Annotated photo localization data
********************

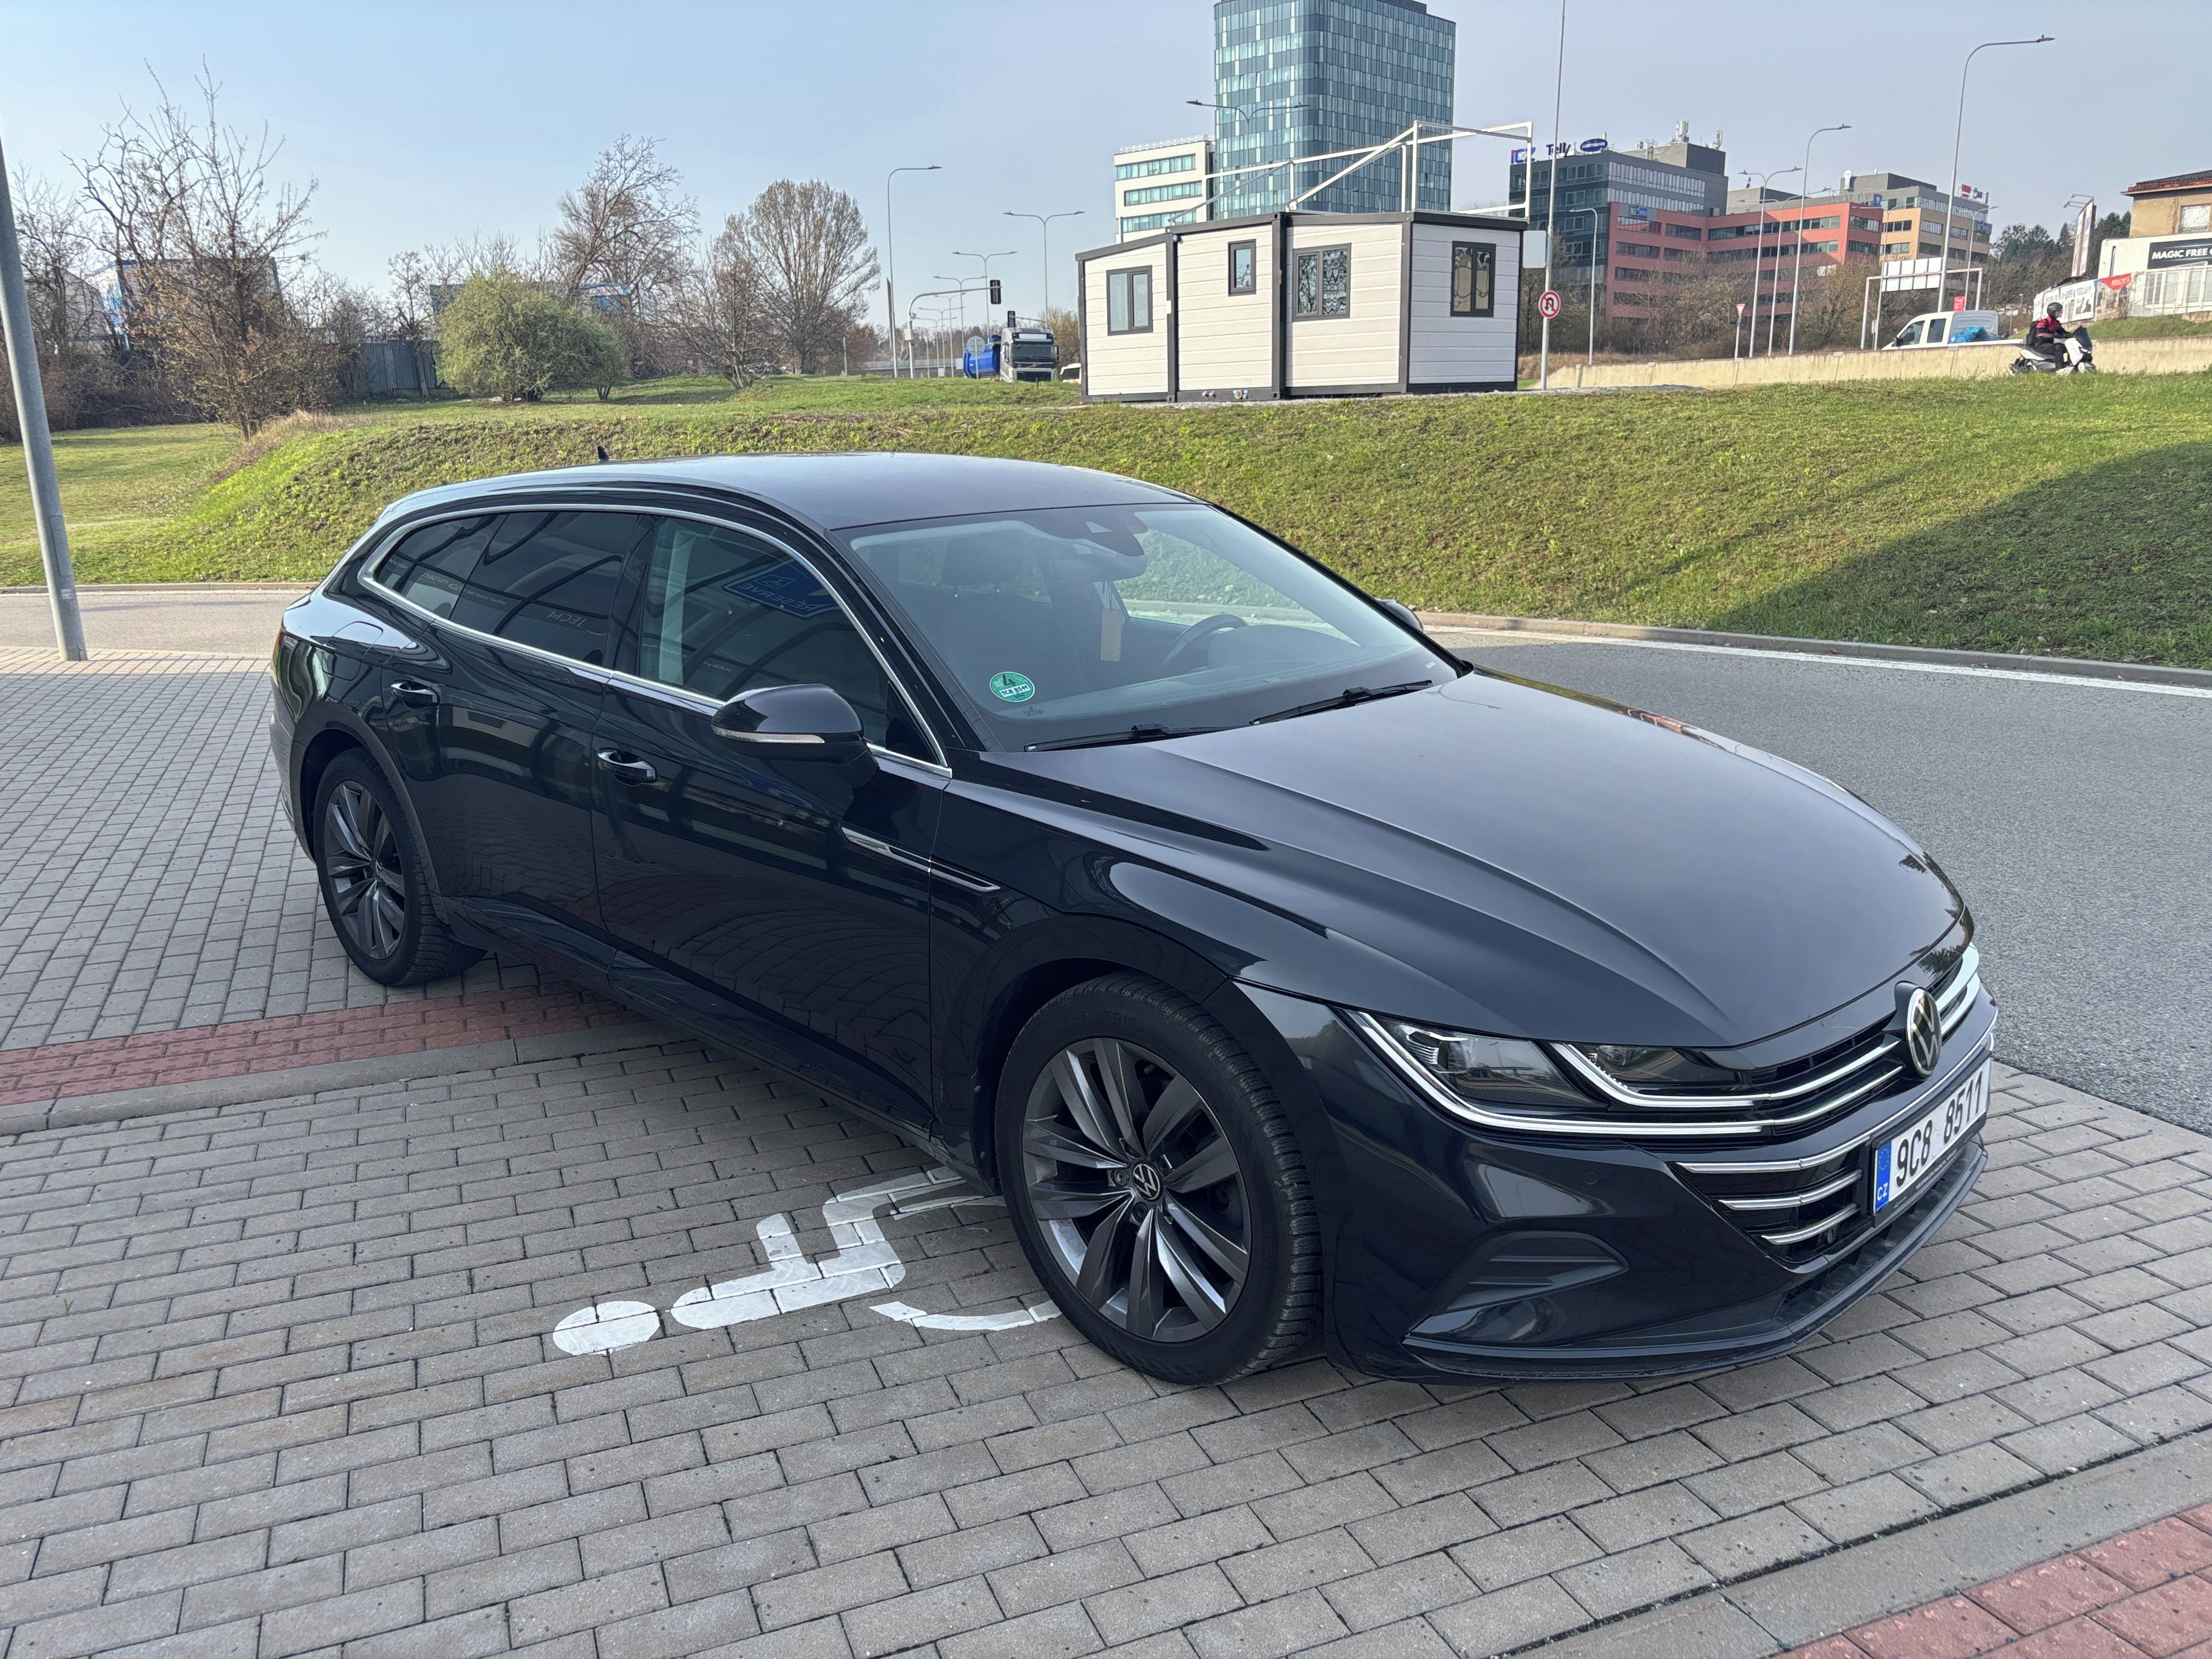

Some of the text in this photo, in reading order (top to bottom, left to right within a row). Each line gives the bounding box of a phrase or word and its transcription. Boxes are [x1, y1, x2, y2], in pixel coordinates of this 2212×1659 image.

[2152, 250, 2184, 259] MAGIC
[2185, 248, 2208, 257] FREE
[1003, 674, 1015, 686] 4
[1897, 1119, 1932, 1187] 9C8
[1944, 1069, 1983, 1144] 8511
[1877, 1182, 1888, 1201] CZ
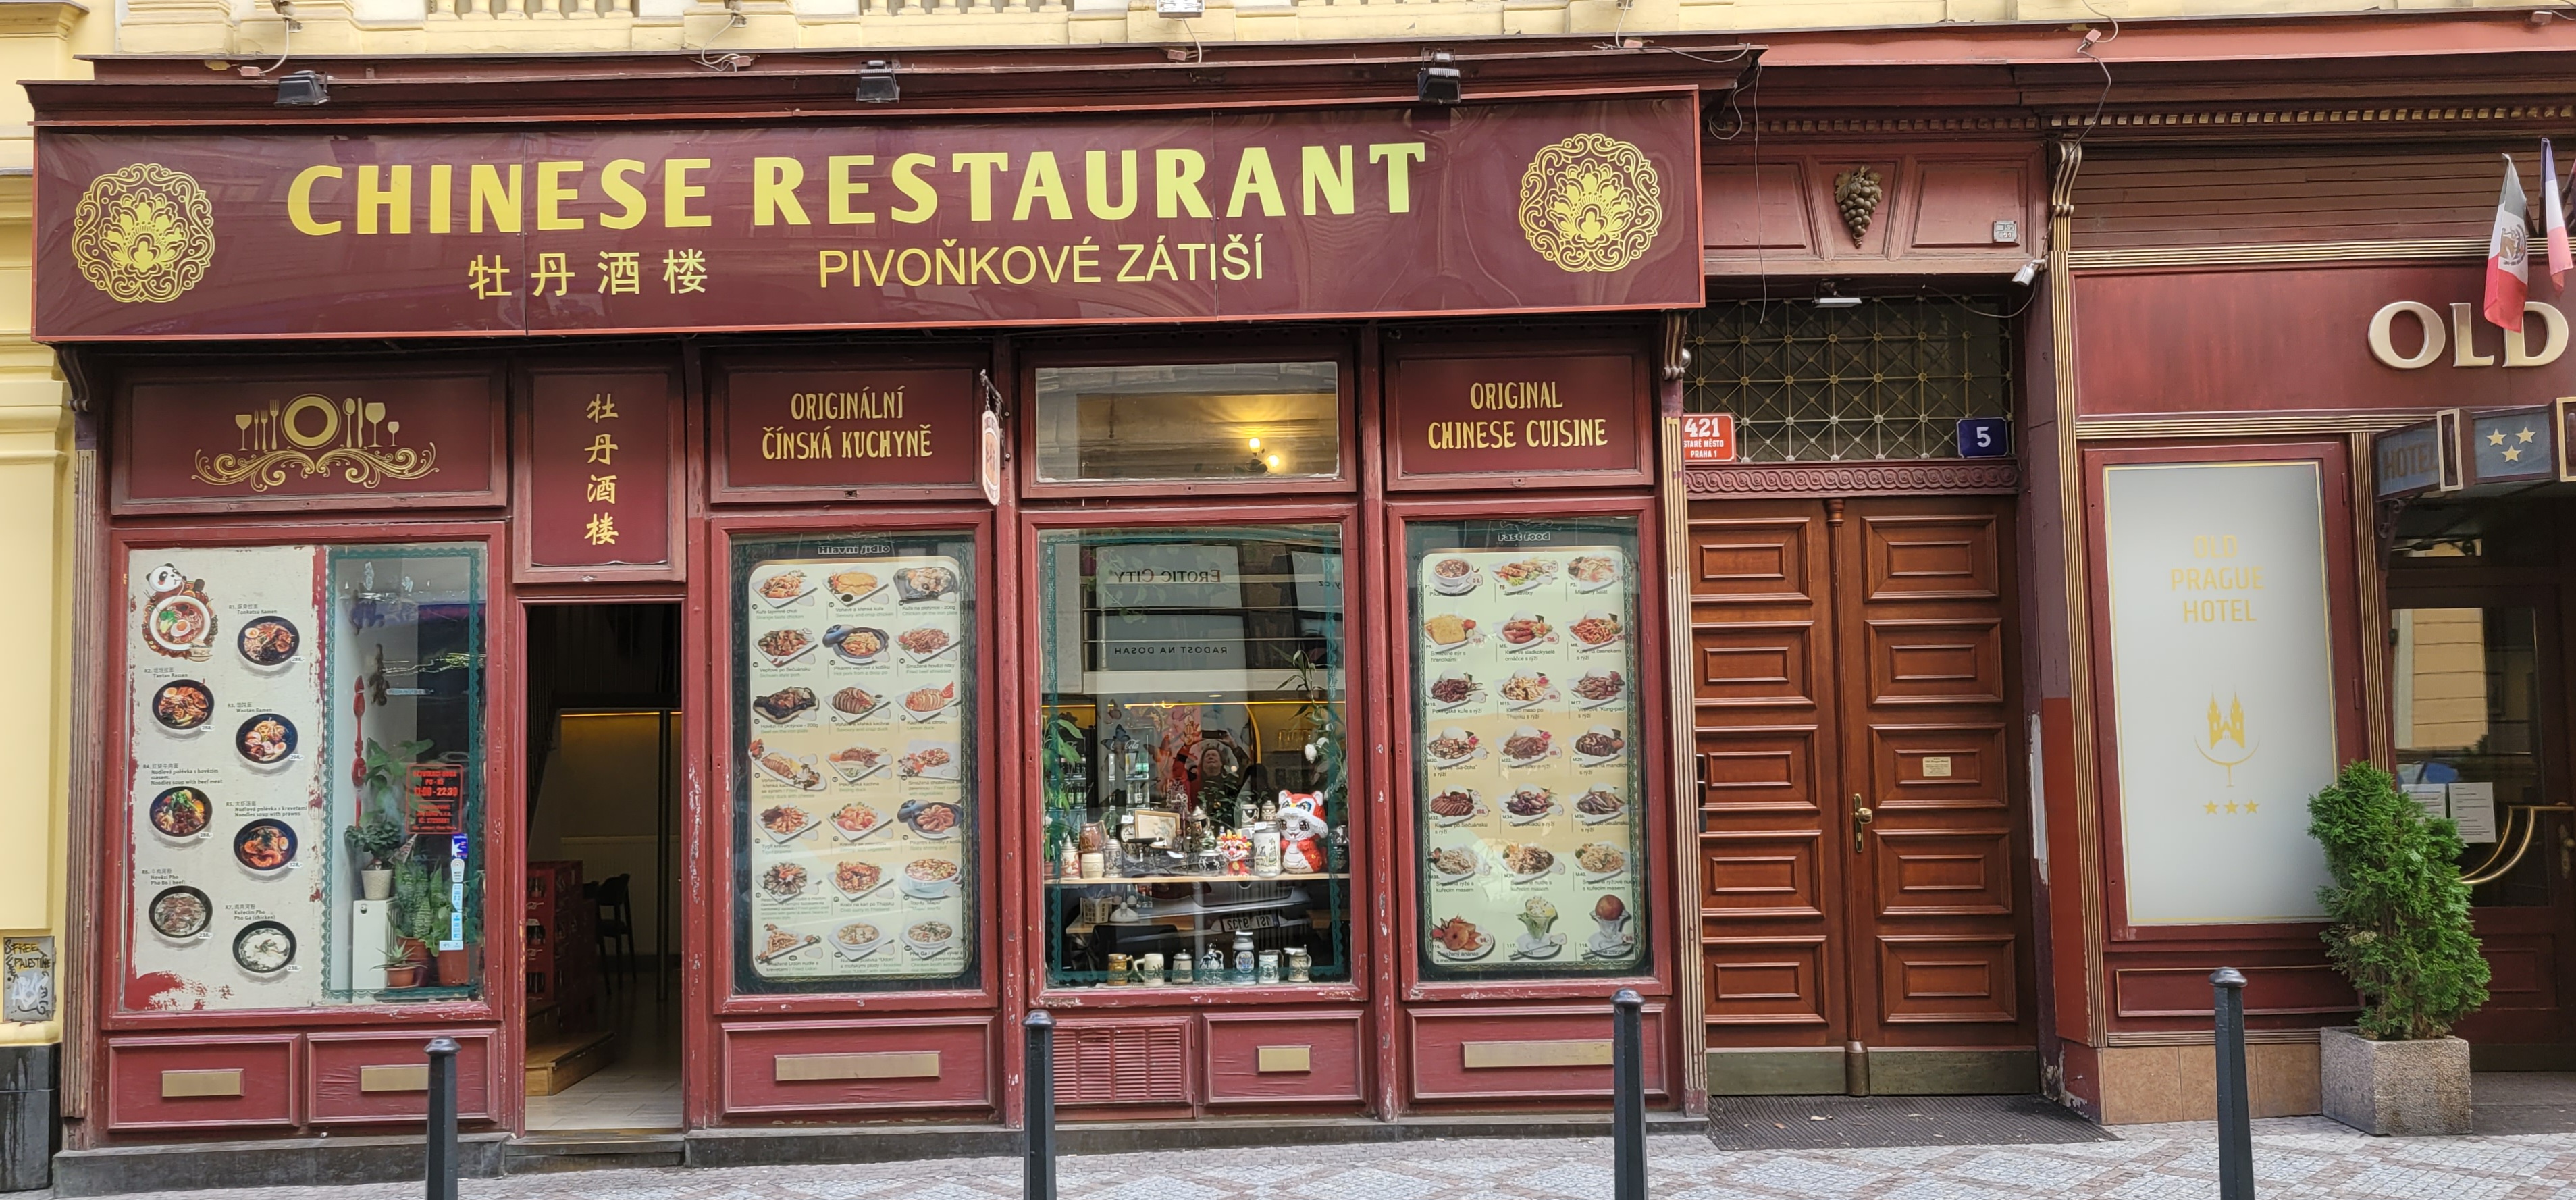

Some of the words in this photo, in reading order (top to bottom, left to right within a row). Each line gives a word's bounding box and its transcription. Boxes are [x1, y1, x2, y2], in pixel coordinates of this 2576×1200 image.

[287, 158, 712, 236] CHINESE
[753, 142, 1425, 226] RESTAURANT
[468, 248, 708, 300] 牡丹酒楼
[819, 237, 1101, 288] PIVOŇKOVÉ
[1116, 232, 1265, 283] ZÁTIŠÍ
[2367, 300, 2569, 369] OLD
[790, 385, 905, 421] ORIGINÁLNÍ
[1469, 380, 1563, 411] ORIGINAL
[762, 425, 833, 461] ČÍNSKÁ
[841, 424, 933, 458] KUCHYNĚ
[1427, 420, 1517, 450] CHINESE
[1525, 418, 1608, 448] CUISINE
[1683, 438, 1702, 448] STARÉ
[1703, 438, 1724, 448] MĚSTO
[1684, 417, 1720, 438] 421
[1976, 426, 1991, 448] 5
[584, 392, 619, 546] 牡丹酒楼
[2384, 442, 2437, 481] HOTEL
[1498, 532, 1523, 542] Fast
[2193, 534, 2237, 559] OLD
[2170, 566, 2265, 591] PRAGUE
[2182, 599, 2257, 623] HOTEL
[12, 943, 38, 954] FREE
[14, 957, 51, 968] PALESTINE

********************

Your goal. Could you reproduce, exactly as written, the lines running from the one with "Some of the words" to the end of the entries above?

Answer section.
Some of the words in this photo, in reading order (top to bottom, left to right within a row). Each line gives a word's bounding box and its transcription. Boxes are [x1, y1, x2, y2], in pixel coordinates of this 2576×1200 image.

[287, 158, 712, 236] CHINESE
[753, 142, 1425, 226] RESTAURANT
[468, 248, 708, 300] 牡丹酒楼
[819, 237, 1101, 288] PIVOŇKOVÉ
[1116, 232, 1265, 283] ZÁTIŠÍ
[2367, 300, 2569, 369] OLD
[790, 385, 905, 421] ORIGINÁLNÍ
[1469, 380, 1563, 411] ORIGINAL
[762, 425, 833, 461] ČÍNSKÁ
[841, 424, 933, 458] KUCHYNĚ
[1427, 420, 1517, 450] CHINESE
[1525, 418, 1608, 448] CUISINE
[1683, 438, 1702, 448] STARÉ
[1703, 438, 1724, 448] MĚSTO
[1684, 417, 1720, 438] 421
[1976, 426, 1991, 448] 5
[584, 392, 619, 546] 牡丹酒楼
[2384, 442, 2437, 481] HOTEL
[1498, 532, 1523, 542] Fast
[2193, 534, 2237, 559] OLD
[2170, 566, 2265, 591] PRAGUE
[2182, 599, 2257, 623] HOTEL
[12, 943, 38, 954] FREE
[14, 957, 51, 968] PALESTINE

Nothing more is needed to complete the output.